Importance: MoE is one of the few scaling paths that can increase capacity without proportional FLOPs, but communication and deployability often dominate real costs. These papers are strategically relevant for any agent infrastructure that expects to serve large models under tight latency/cost constraints: they suggest concrete architectural knobs (subset activation) and systems strategies (locality-aware clustering, platform-aware optimization) that can materially improve throughput and enable specialization without untenable all-to-all overhead. (http://arxiv.org/abs/2605.06206v1, http://arxiv.org/abs/2605.06663v1)

4. Agent safety and security benchmarks/pipelines: phone risky moments, sequenced coding misuse, retail policy ambiguity, and binary patch auditing

Summary: These papers introduce agent-focused safety/security evaluations that move beyond single-turn refusal and test multi-step, tool-mediated failure modes seen in real deployments. They cover risky decision points in phone-agent interactions, sequenced coding misuse chains, ambiguous policy adherence in retail-like settings, and pipelines for auditing binary patches.
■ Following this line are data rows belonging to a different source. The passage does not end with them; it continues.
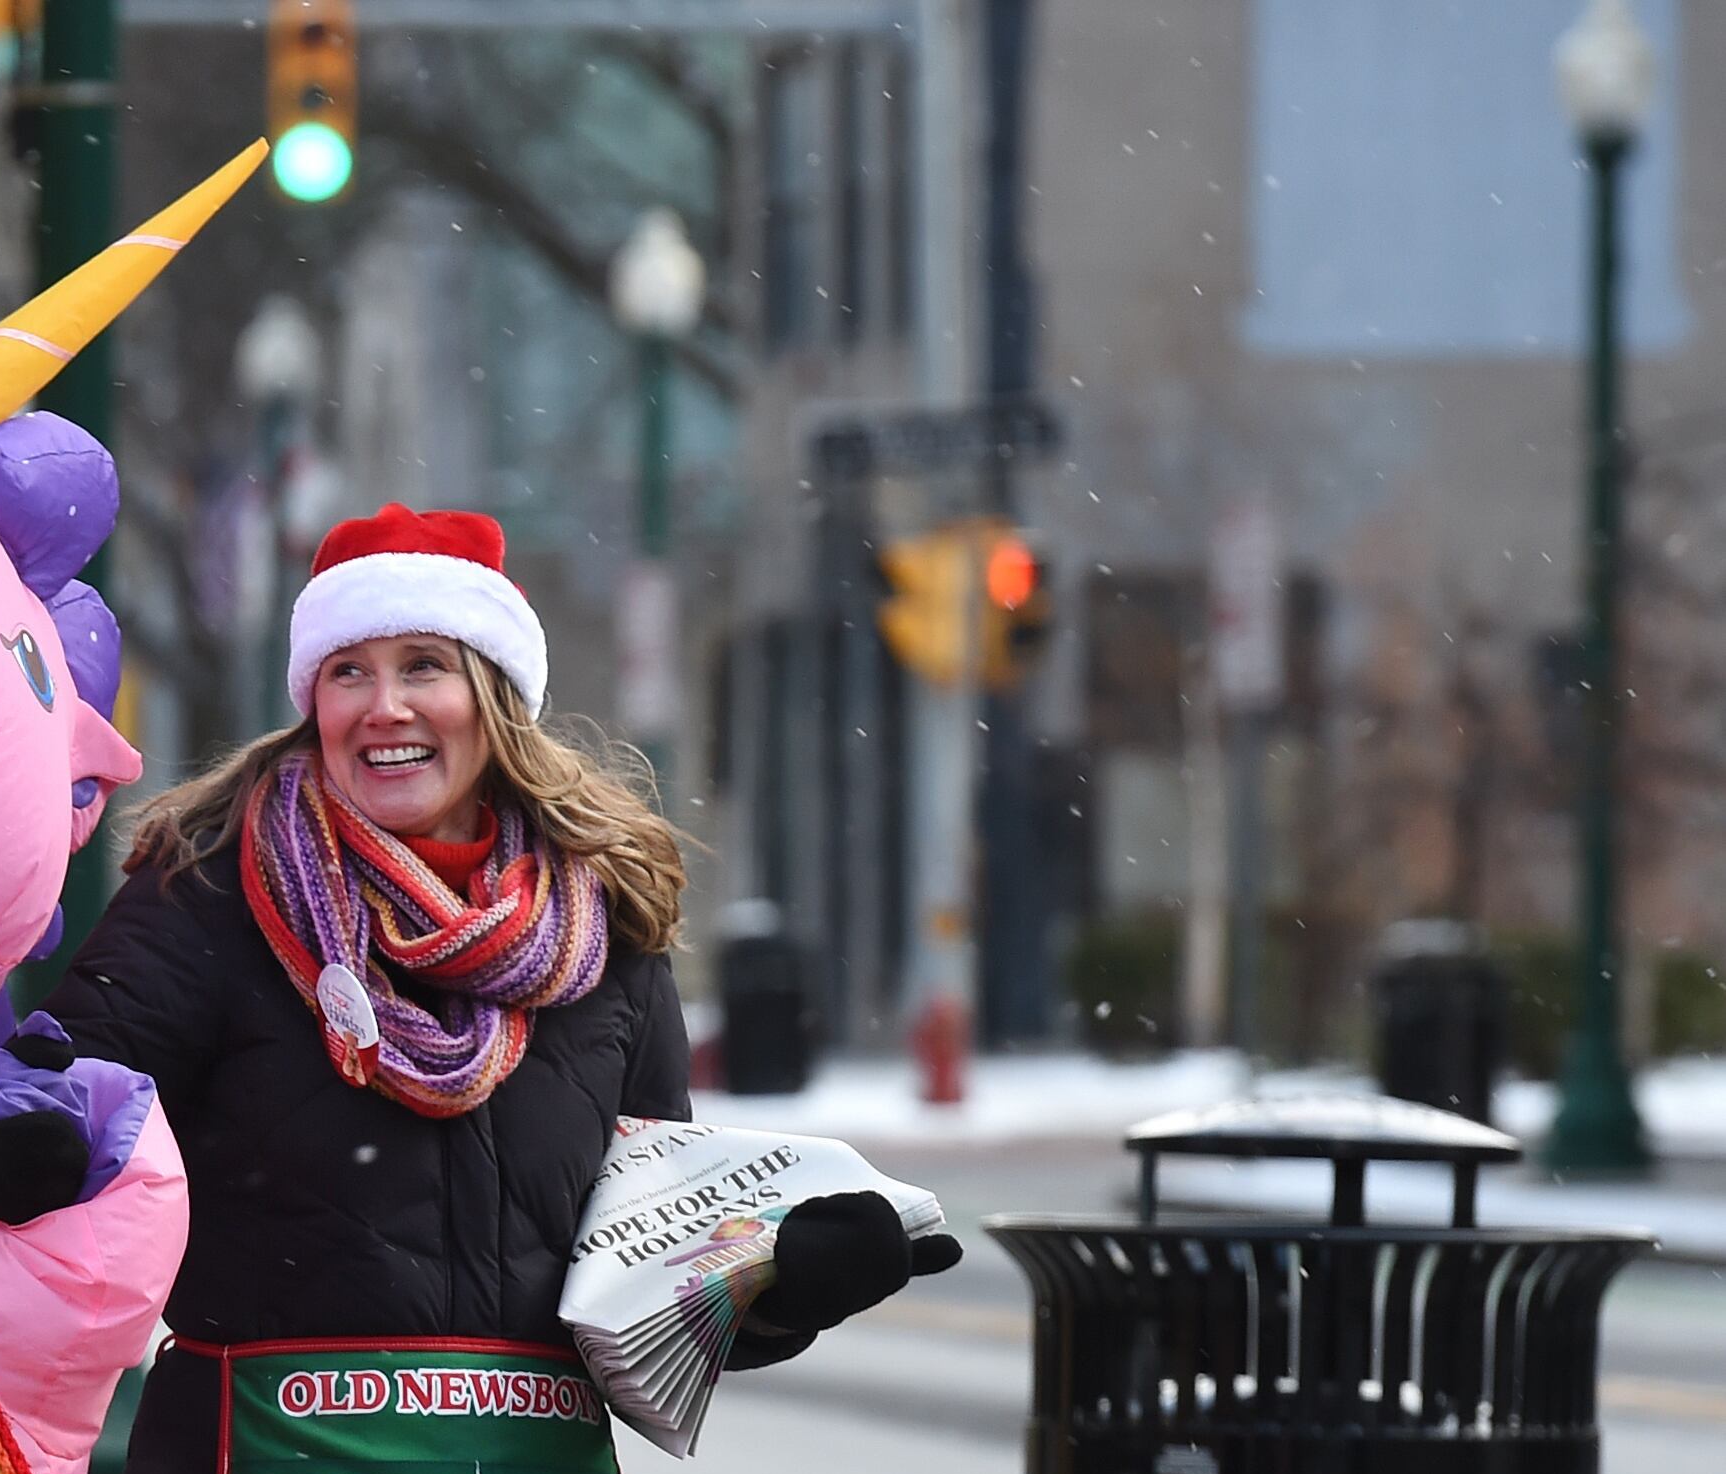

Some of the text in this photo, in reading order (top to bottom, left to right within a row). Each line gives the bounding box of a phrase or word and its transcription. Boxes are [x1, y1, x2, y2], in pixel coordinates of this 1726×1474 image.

[628, 1196, 641, 1207] the
[642, 1180, 686, 1200] Christmas
[685, 1157, 731, 1182] fundraiser
[653, 1184, 728, 1225] FOR
[722, 1144, 802, 1192] THE
[277, 1368, 390, 1418] OLD
For agent builders, they provide more realistic gating evals and highlight where current systems can fail despite strong static benchmark scores.
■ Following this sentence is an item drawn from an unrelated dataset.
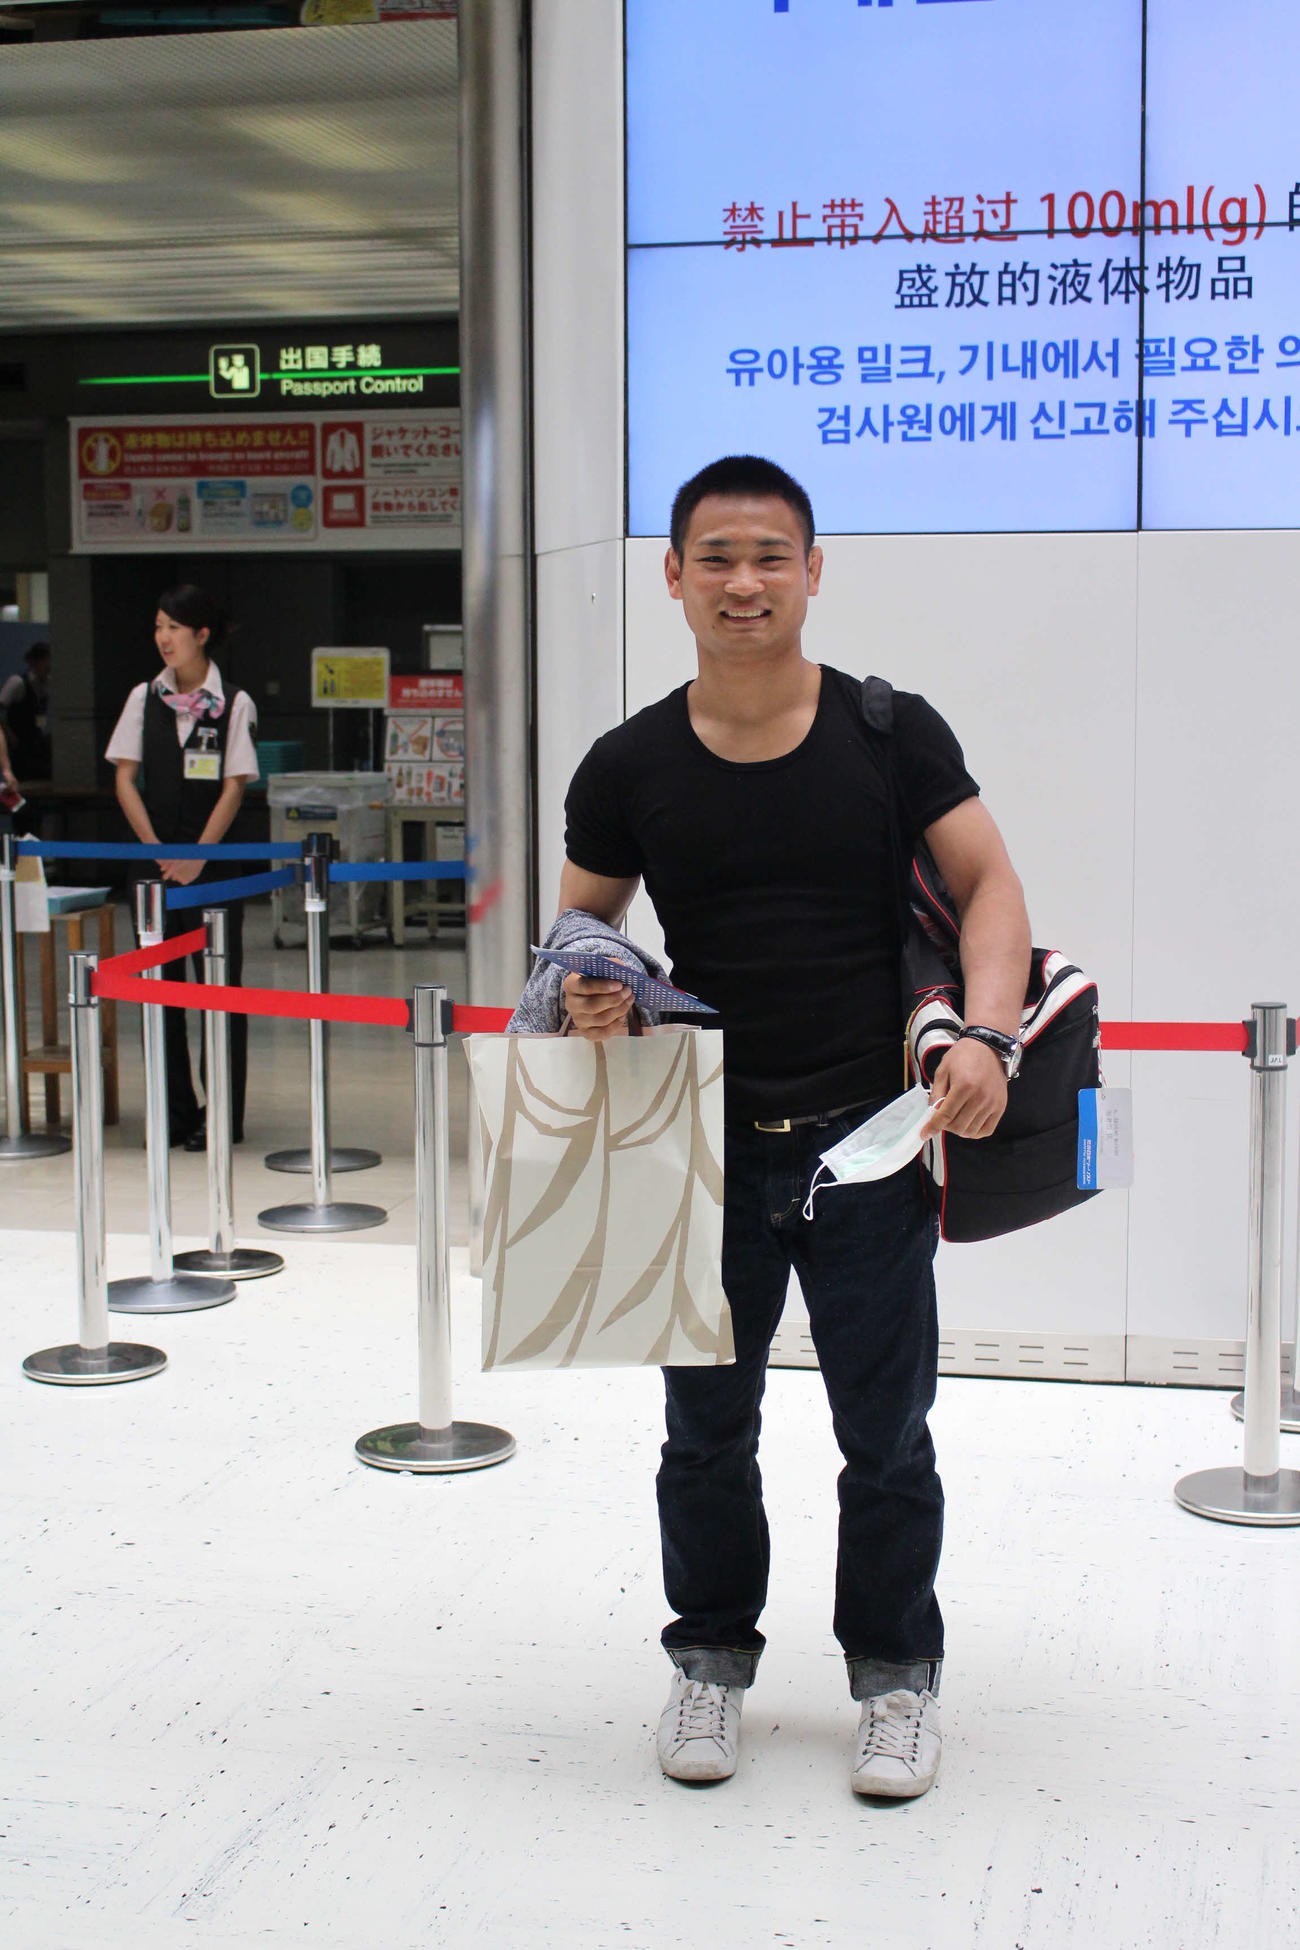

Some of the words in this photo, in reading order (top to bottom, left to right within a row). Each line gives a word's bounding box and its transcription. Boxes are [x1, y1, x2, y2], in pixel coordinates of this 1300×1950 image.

Details: What the papers do (methodology) - Benchmark construction emphasizes temporally extended scenarios with intermediate decision points, tool use, and ambiguous constraints; evaluation measures include end-to-end task outcomes, policy violations across steps, and misuse completion rates rather than only refusal. (http://arxiv.org/abs/2605.07630v1, http://arxiv.org/abs/2605.03952v1, http://arxiv.org/abs/2605.07699v1, http://arxiv.org/abs/2605.06601v1) Key technical contributions - Phone-agent “risky moments”: Scenarios isolate critical decision points where an agent must choose safe actions under uncertainty, capturing failures like overconfident guidance, escalation mistakes, or unsafe procedural steps. (http://arxiv.org/abs/2605.07630v1) - Sequenced coding misuse evaluation: Tests multi-step misuse where each step may appear benign but composes into harmful capability (e.g., exploit chains), measuring end-to-end completion and policy adherence across the sequence. (http://arxiv.org/abs/2605.03952v1) - Retail/policy ambiguity benchmark: Focuses on ambiguous, real-world policy constraints (returns, age restrictions, exceptions), stressing agents’ ability to follow policy when instructions are underspecified or conflicting. (http://arxiv.org/abs/2605.07699v1) - Binary patch auditing pipeline: Evaluates agent assistance for understanding and auditing binary patches, relevant to vulnerability triage and defensive security workflows (with dual-use implications). (http://arxiv.org/abs/2605.06601v1) Applications to agent systems - Orchestrators can use these benchmarks as regression suites for tool-use policies (when to escalate to a human, when to refuse, when to ask clarifying questions) rather than relying on generic jailbreak/refusal tests. (http://arxiv.org/abs/2605.07630v1, http://arxiv.org/abs/2605.07699v1) - Security posture: Sequenced misuse evals are particularly relevant for coding agents with shell/network tools; they motivate stronger sandboxing, least-privilege tool scopes, and step-level policy enforcement. (http://arxiv.org/abs/2605.03952v1) Practical integration notes - Add “temporal policy compliance” metrics: track violations per step and per tool call, not just final outcome. - Treat ambiguity as first-class: measure whether agents ask clarifying questions vs making unsafe assumptions in ambiguous policy contexts. (http://arxiv.org/abs/2605.07699v1)

Sources:

Importance: Enterprise adoption of agents is increasingly gated by multi-step safety/security behavior under tool use, not by single-turn refusal rates. These benchmarks/pipelines are strategically important because they (a) better predict real deployment risk, (b) can be integrated into CI-style evaluation for agent releases, and (c) pressure product teams to implement step-level controls (sandboxing, escalation, ambiguity handling) that become durable differentiators. (http://arxiv.org/abs/2605.03952v1, http://arxiv.org/abs/2605.07630v1)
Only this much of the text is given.